I do a lot of Javascript at one point and the intriguing thing is, somehow
Python felt more natural to me. I DID try Ruby and looked at Rails though. I
would recommend just testing things out yourself and see what comes more
naturally to you.

One can do a lot of goods with PHP, Ruby and Python and any other
languages/frameworks. It's not really the language but what you choose to do
with it as well as your experience using it that will make your project. The
only way to gain more experience is to start using it.

My feeling is, you want to pick something that will solve all your present
problems and future proof. That's going to be difficult. Big solutions are
usually a combination of different efforts because there are many different
parts of the web development process. I've seen a company that use PHP for ALL
their flow including the cron jobs' scripts. Some might say, that's crazy, why
not use python or faster languages for backend jobs? But it worked for them up
until they hit their bottleneck then they reiterate and revised.

The path toward the "holy grail" for the perfect "solution" is long. Crowd
sourcing for this answer will also be difficult because many people have
already took that journey and fought their holy war with themselves so they
will generally give you their preferences up front.

Sorry for the round about way of saying: I think if you are at a point of
asking question of what's out there other than PHP? Then you're at a good
transitional stage. Congrats. Now your two (popular) choices are: Ruby/RoR and
Python/Django. Go test out two sample projects and make it work from setting
up to making it run. See which process you like the most and pick one. I don't
think you will go wrong with either choices.

Oh, is there a site that you really like or look up to? Perhaps you can learn
about their technology stack and give that a try :P

Again, sorry for the convoluted answer and good luck with your journey toward
Web Dev nirvana :)

------
gdulli
"Now I understand different project needs translates to different languages"

This is much less true than you'd think when you're talking about languages of
the same class, like Ruby and PHP. (Sorry, Ruby; I didn't mean it that way.)
And when your goals are vague ("social networking site.")

The ease of setting up PHP will retard your progress towards understanding the
web stack in greater depth, Which is something you'll need to do if you want
to become a good web developer. Setting up Python or Ruby with Apache isn't as
difficult as you would think it is, given how often the ease of setting up PHP
is cited as a reason to use it.

You'll learn better habits and practices from the Ruby or Python communities
than the PHP community.

------
eswat
Build a prototype with a few features in both and see which feels natural to
you. I like to bang out small, silly projects in PHP with CodeIgniter or FUEL
because I can move fast with those. But I find Ruby and RoR more
methodological and RoR will handle more intricate stuff for me that the PHP
frameworks won’t and will use that combo for bigger apps.

------
trbecker
Proposing to you a third option: django+pinax. Pinax is a ready to use social
networking application using django. Take a look: <http://pinaxproject.com/>.

------
nametoremember
Try both out and see what you think. Some big sites use PHP like Facebook and
Flickr. Here are some sites that use Ruby on Rails:
<http://rubyonrails.org/applications>. That list lists Twitter but I thought
they changed so I am not sure how up to date it is.
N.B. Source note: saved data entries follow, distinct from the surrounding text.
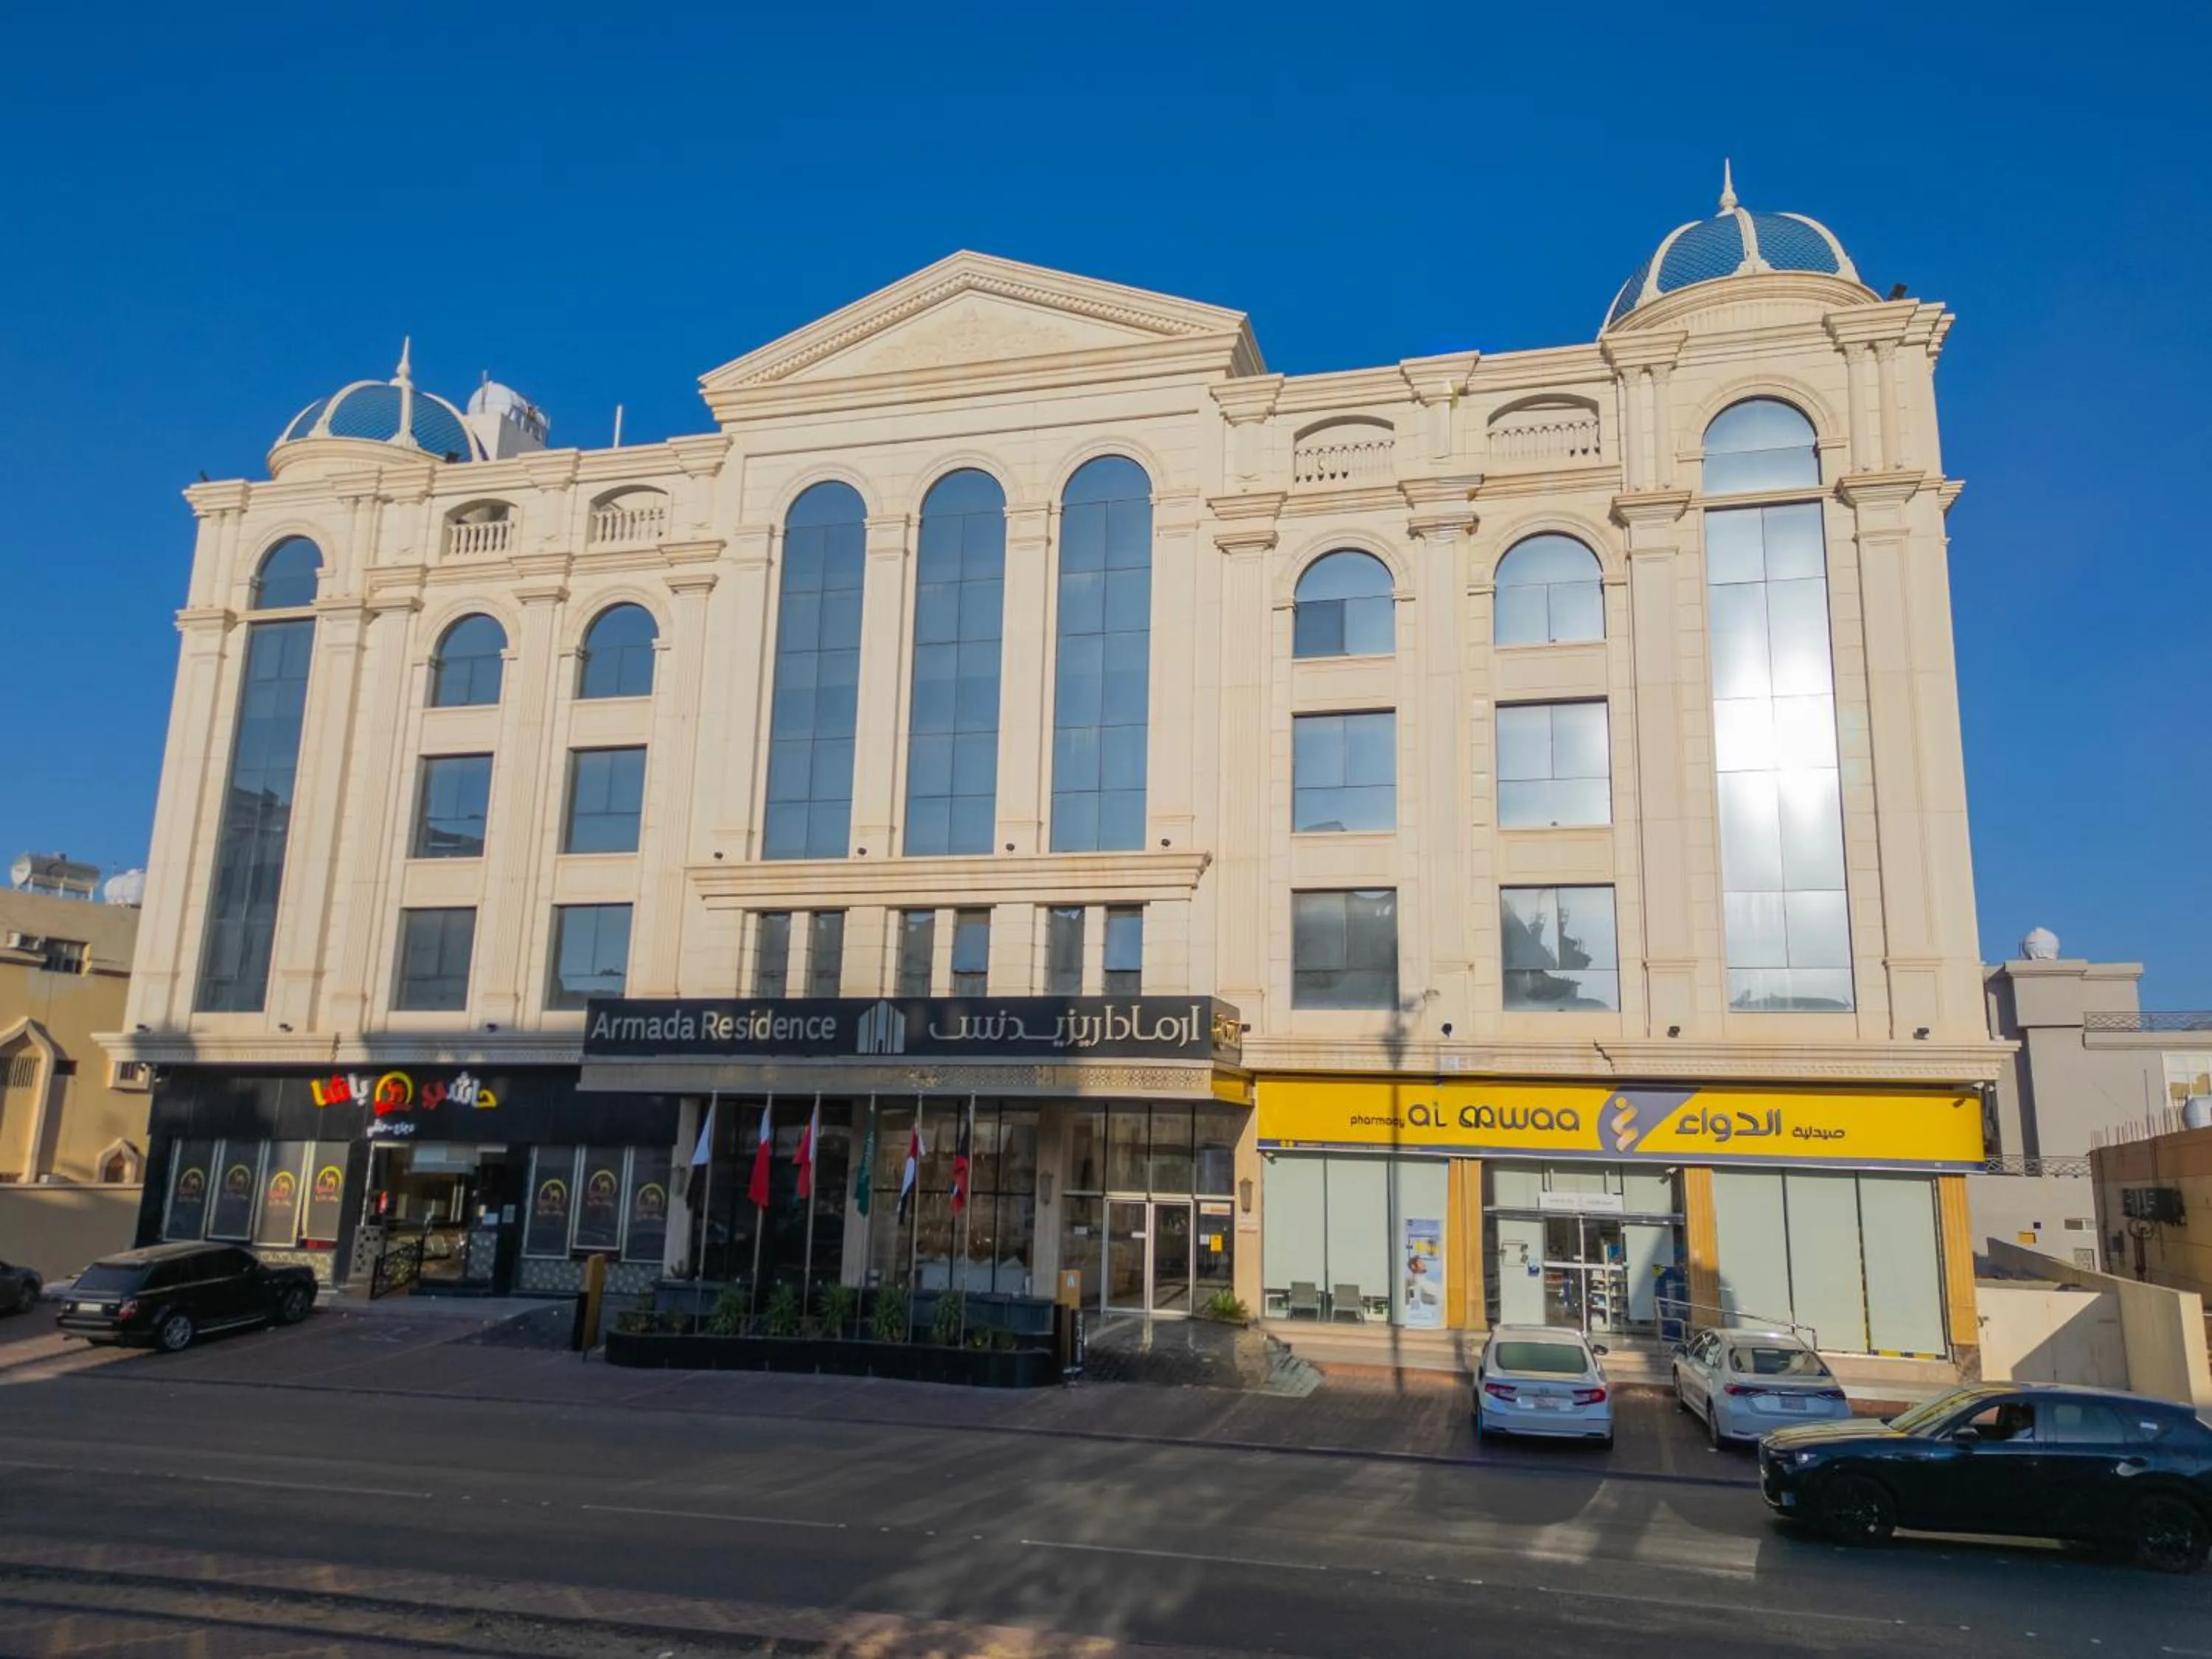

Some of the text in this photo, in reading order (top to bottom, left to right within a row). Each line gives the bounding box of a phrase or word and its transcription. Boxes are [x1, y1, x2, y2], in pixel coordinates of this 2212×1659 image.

[591, 1009, 837, 1041] Armada Residence
[310, 1071, 498, 1110] حاشي باشا
[1349, 1114, 1405, 1129] pharmacy
[1407, 1102, 1447, 1127] al
[1674, 1107, 1782, 1143] الدواء
I personally like Ruby and I like Rails. To me Ruby looks cleaner than PHP and
as a result, it gets less messy with lots of code.

Rails is the framework. I love the MVC concept even just for separating my
files logically.

------
pdenya
I recommend PHP for what it's worth. Ruby is great but PHP is fast, easy to
deploy and common enough that you never need to look far for an answer to your
problem or a module to help you out. Rails has gems which are amazing but
there are far more PHP programmers.

If you're looking for a framework for PHP I'd recommend CakePHP assuming
you're not rolling your own for this.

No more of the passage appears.